Sunday, June 10, 2018

Master Blueprints # 22: “I'll Ramble and Gamble for the One I Love. And the Hills Will Give Me a Song”

(Personal reflections inspired by Bob Dylan songs)

Song: “Red River Shore”
Album: The Bootleg Series Vol. 8: Tell Tale Signs: Rare and Unreleased 1989–2006
Release Date: Date: October 2008 (produced in 1989 during the Oh Mercy sessions)

Part 1 of 2

Flash back to early summer 2006, the first day in the week of a very large computer mapping (GIS) conference at the San Diego Convention Center, being hosted by ESRI.  Since I’ve been through this before, I know I’m in for a main-stage all-day marketing bonanza by the hosts.  Several colleagues are aware of this as well, and so, with the hope of getting some real work done, we make plans to take the 3-hour drive north to Redlands to meet with a few ESRI technical staffers at their corporate headquarters.  After a predictably productive day in Redlands, we start heading back to San Diego on an alternate scenic route though the canyons, which is recommended to us at the meeting. I’m driving, and as we weave our way up the mountain roads, I turn on the XM satellite radio that comes with the rental car and immediately I hear a familiar voice over the airwaves talking about, of all topics, mothers. Yes, those mothers: The (mostly) wonderful woman who reared us. 
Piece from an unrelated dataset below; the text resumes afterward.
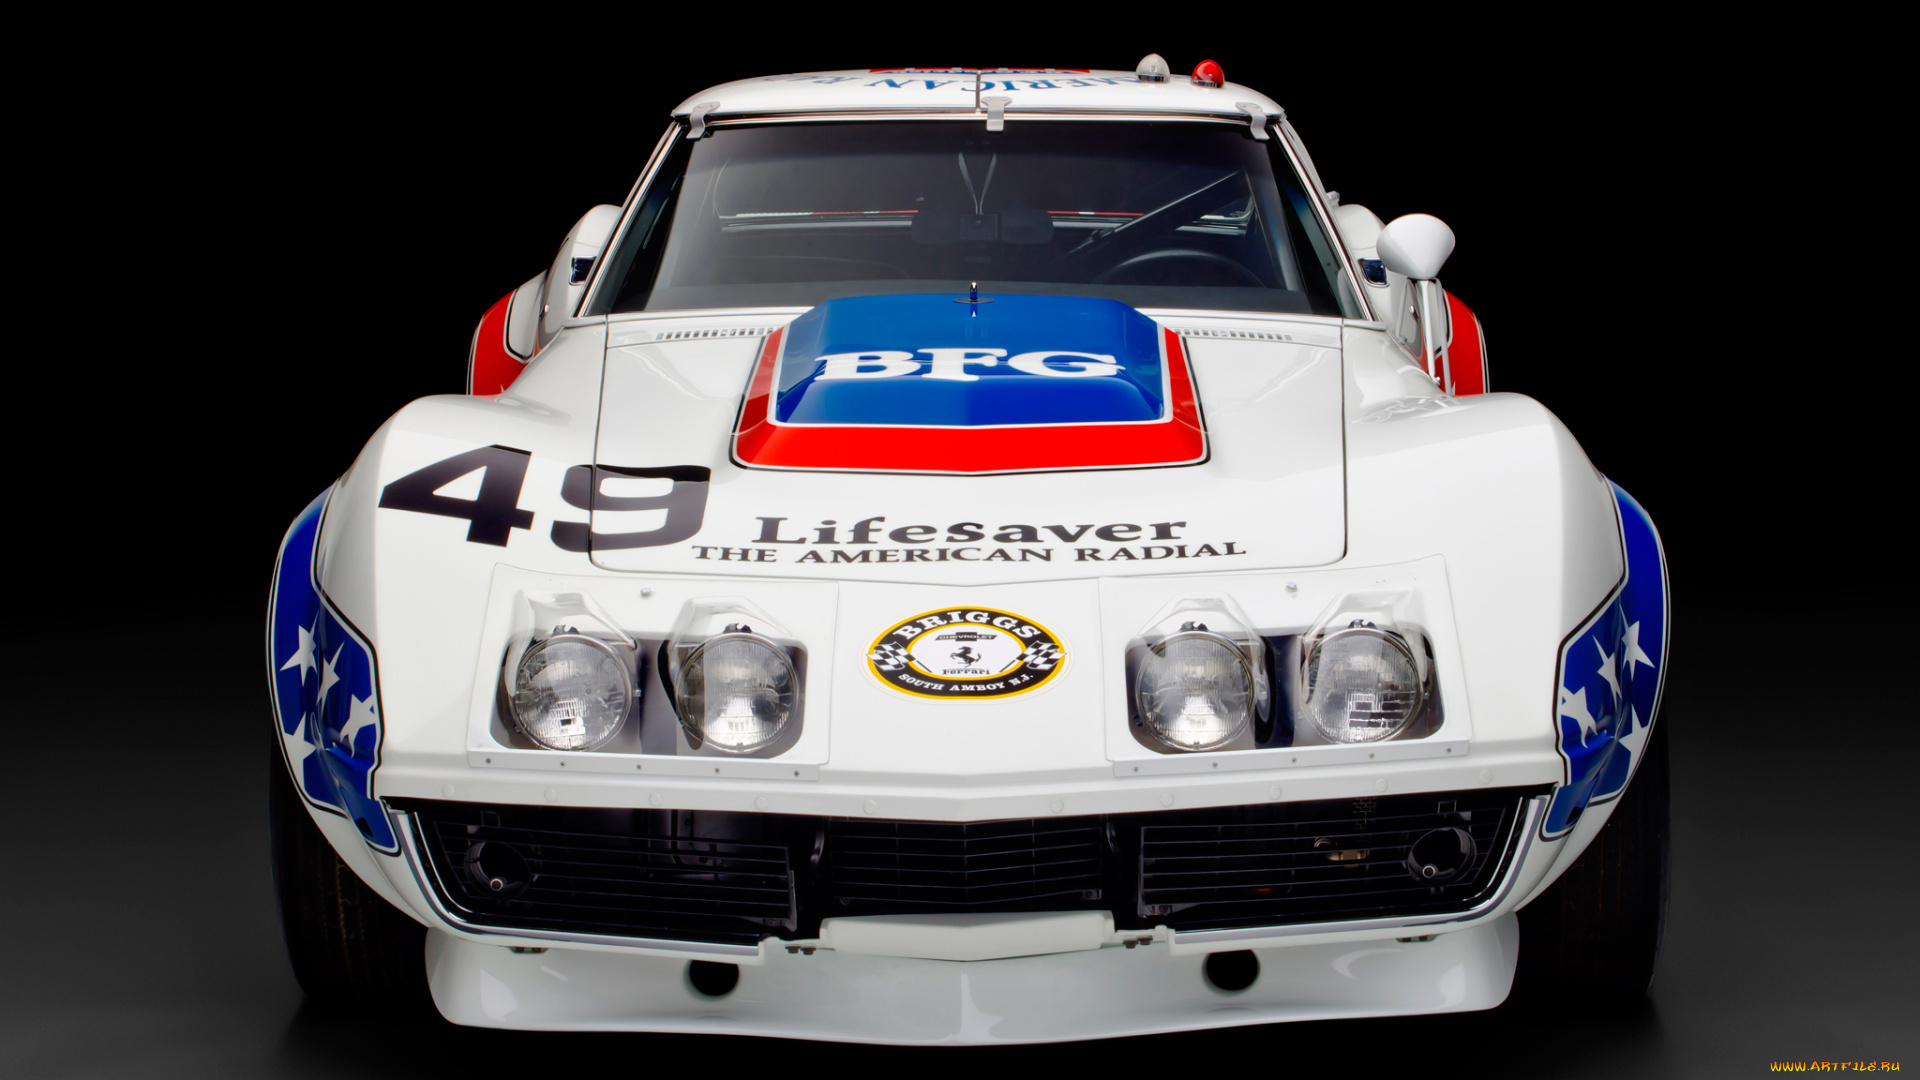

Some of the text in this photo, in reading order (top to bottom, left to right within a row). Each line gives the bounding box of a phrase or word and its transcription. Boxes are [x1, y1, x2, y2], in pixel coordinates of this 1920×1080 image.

This was my introduction to Bob Dylan’s Theme Time Radio Hour, which began airing the week before (“Mother” was episode # 2 of 100) and I was fortunate to have stumbled into it so early.  I mean, to put this into perspective, I’m not someone who jumps out of the gate to get new technology.  My cell phone is antiquated.  Our home computer is too.  And so is my car and its satellite-bereft radio.  What can I say?  I don’t see it as a priority to jump on technology bandwagons, and neither does my wife Nancy (though we have not subjected our children to this position, and help pay for their various modern devices so they can fit in and not have to face good-natured ridicule like us). 

For those who have never listened to Theme Time Radio, I recommend you begin doing your homework (episodes are available on line).  The show works for anyone who loves music, period!  And it will never be dated.  The basic concept had Bob Dylan as DJ choosing a weekly theme, say “Death and Taxes” and then playing songs that reflected that given theme from all genera – be it swing, punk, blues, even sea shanties - since the dawn of recorded music.  Dylan would also offer up between-song commentary in the form of trivia, minutiae and anecdotes, which was often humorous.   It was all so fascinating, but most important, the program taught me more about the vast world of music than anything else I’d ever experienced. 

Aside from a few additional random moments with Theme Time Radio Hour on XM radio in cars not my own, I may have foolishly left that Southern California drive as a nice isolated experience if not for good friend Jeff Strause coming to the rescue.  Half a year into Season One, I received a parcel of 10 cd’s in the mail, each with a recorded episode.  Over the next few years I’d receive several more parcels of episodes.  These were some of the best gifts I have ever been given in my life, as I have listened to those cd’s as much as anything else I have in my entire record collection, and that’s saying something.  Thanks again, Jeff!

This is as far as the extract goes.